The Dow Chemical Company announced the capacity for the production of Crude Acrylic Acid (CAA) at its Böhlen facility in Germany has expanded by 25 per cent.
"The Crude Acrylic Acid capacity increase is an important milestone for Dow. We are excited to continue investing in our European production footprint and about the opportunities generated by Dow's European customer base,” said Bob Summerhayes, Global Supply Chain director for Performance Monomers.
“Overall this is a valuable addition that reinforces Dow's commitment to growth for the region and further adds to our global footprint."
One of many initiatives
The expansion represents the result of several successful initiatives carried out by the US-based chemical firm that have sought to address its need to increase CAA capacity.
The additional CAA at Böhlen will be used to increase Butyl Acrylate (BA) and Glacial Acrylic Acid (GAA) production at the site, which are used for personal care applications amongst others.
Acrylic monomers from Dow are used primarily in coatings, inks, textiles, home and personal care and energy markets.
As used in the context of the cosmetics and personal care products industry polymers of acrylic acid are generally used as thickening agents and emulsion stabilizers.
They are used in a variety of skin and hair care products, in dentifrices, and in pharmaceutical preparations.
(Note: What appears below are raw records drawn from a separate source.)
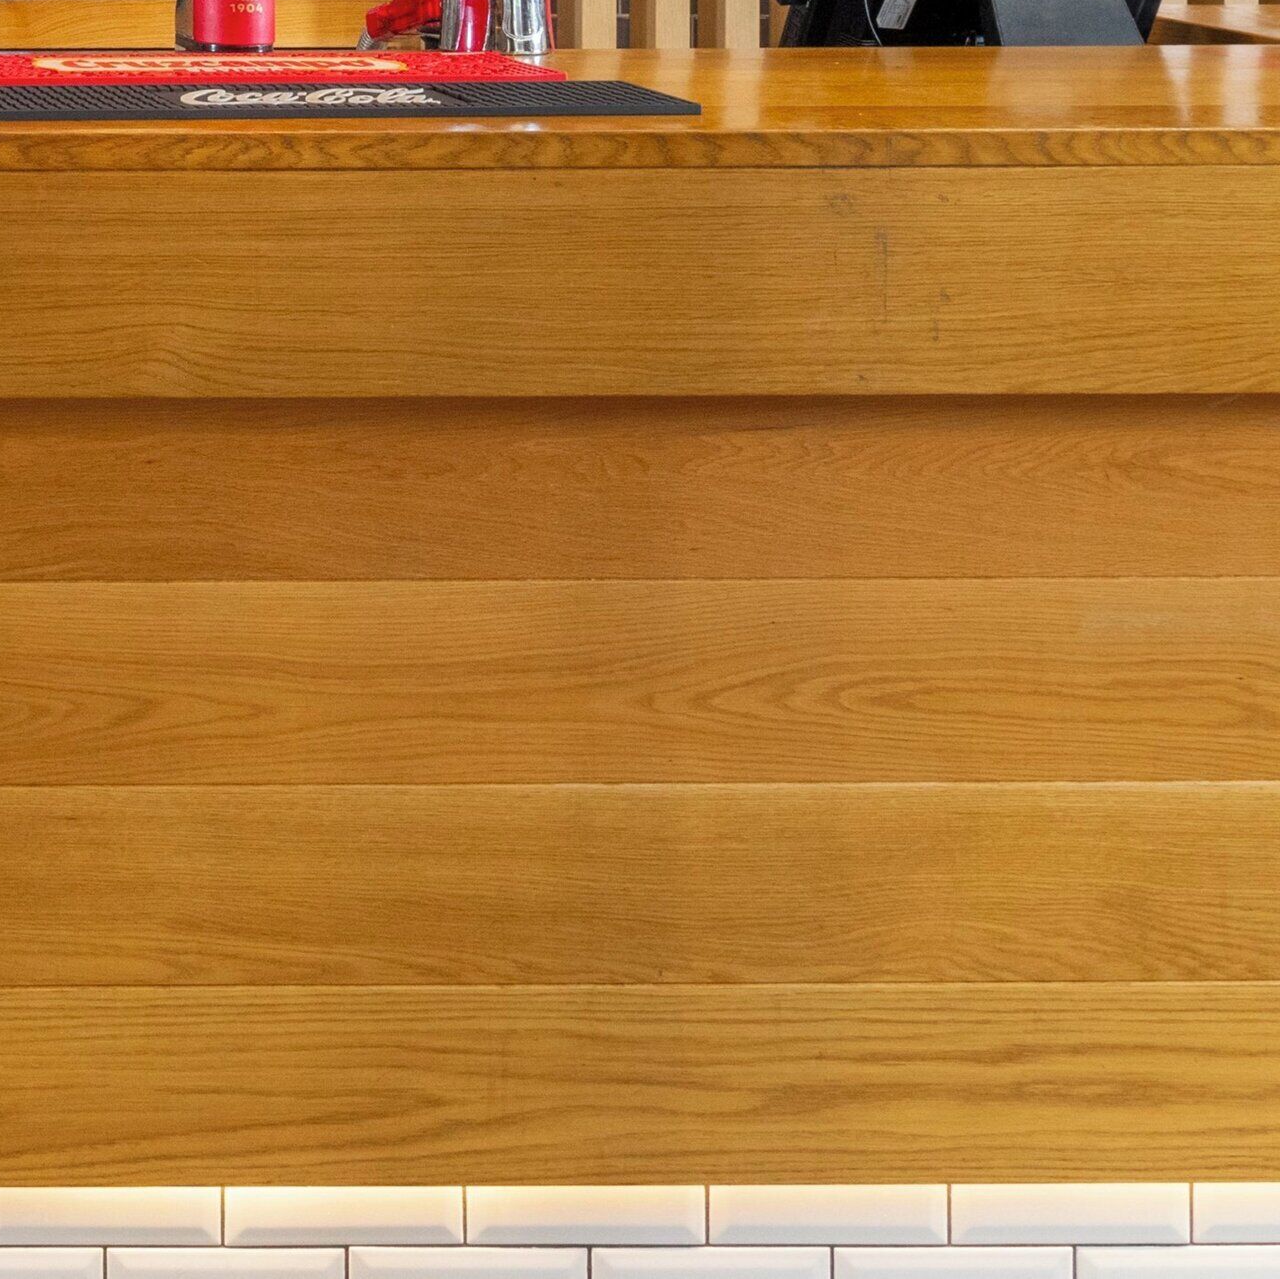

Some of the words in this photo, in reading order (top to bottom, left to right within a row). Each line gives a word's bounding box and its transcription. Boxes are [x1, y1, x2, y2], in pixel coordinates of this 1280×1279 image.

[230, 3, 263, 13] 1904
[60, 58, 371, 71] Cruzcampo
[180, 88, 440, 106] Coca-Cola
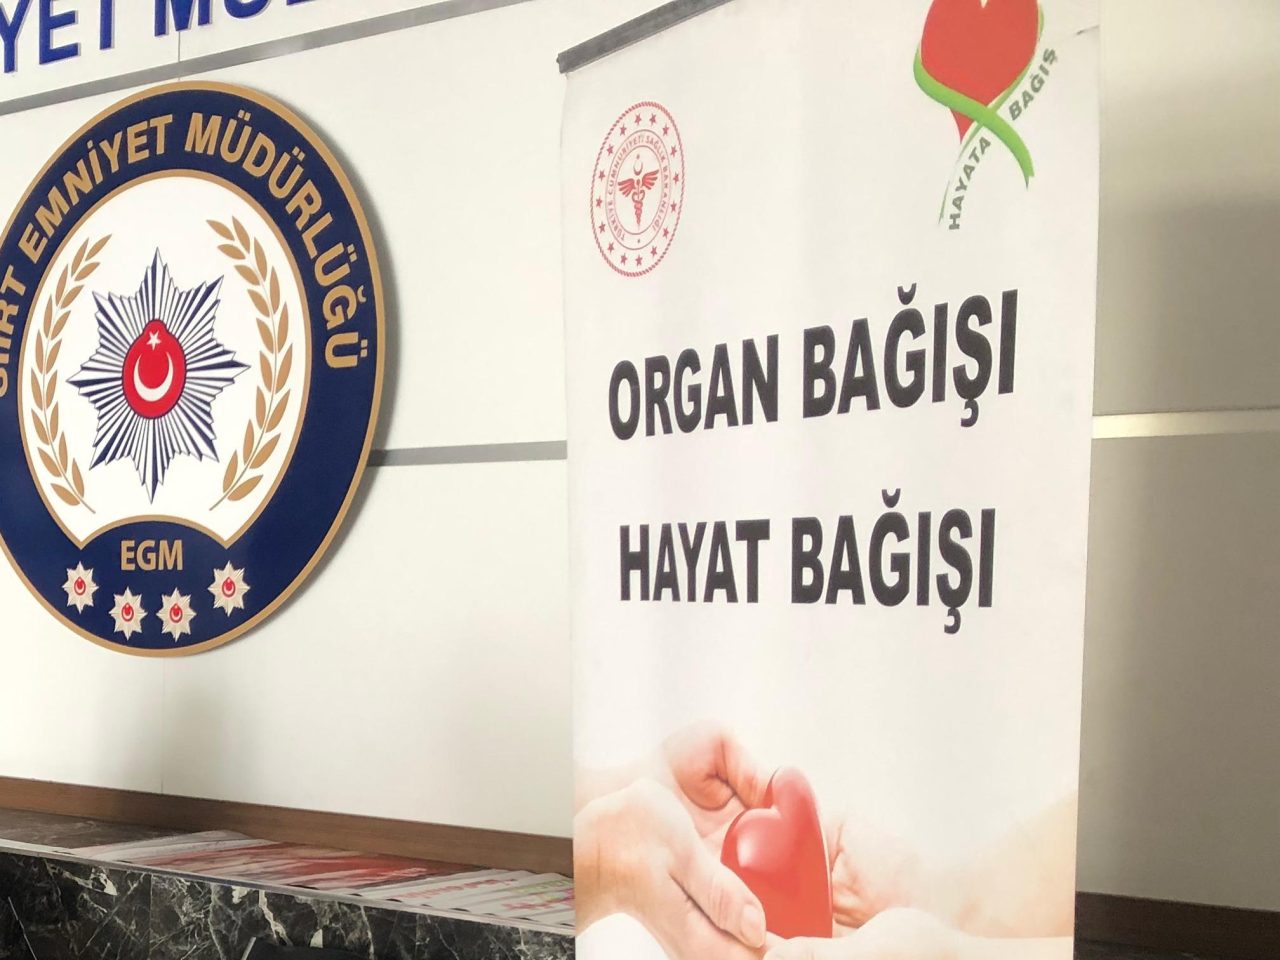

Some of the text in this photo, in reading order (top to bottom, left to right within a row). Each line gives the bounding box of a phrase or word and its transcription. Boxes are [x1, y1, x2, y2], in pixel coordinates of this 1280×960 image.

[949, 48, 1058, 230] HAYATA BAĞIŞ
[18, 114, 173, 264] EMNİYET
[185, 110, 368, 369] MÜDÜRLÜĞÜ
[608, 282, 1019, 440] ORGAN BAĞIŞI
[120, 539, 183, 571] EGM
[620, 487, 996, 634] HAYAT BAĞIŞI
By themselves, they are fluffy white powders that readily absorb water to form gels or thick solutions that are non-toxic, stable, and resist spoilage.
Consistency and texture
The consistency and texture of cosmetics and personal care products are of critical importance to the consumer, and different agents are routinely added to these products to control the tactile qualities.
Natural plant gums or extracts have been used, but there are currently industry debates over the efficacy of these in comparison.
They can vary in quality from batch to batch, may cause allergic reactions in sensitive users, and are often subject to bacterial attack and spoilage, requiring the addition of antibacterials.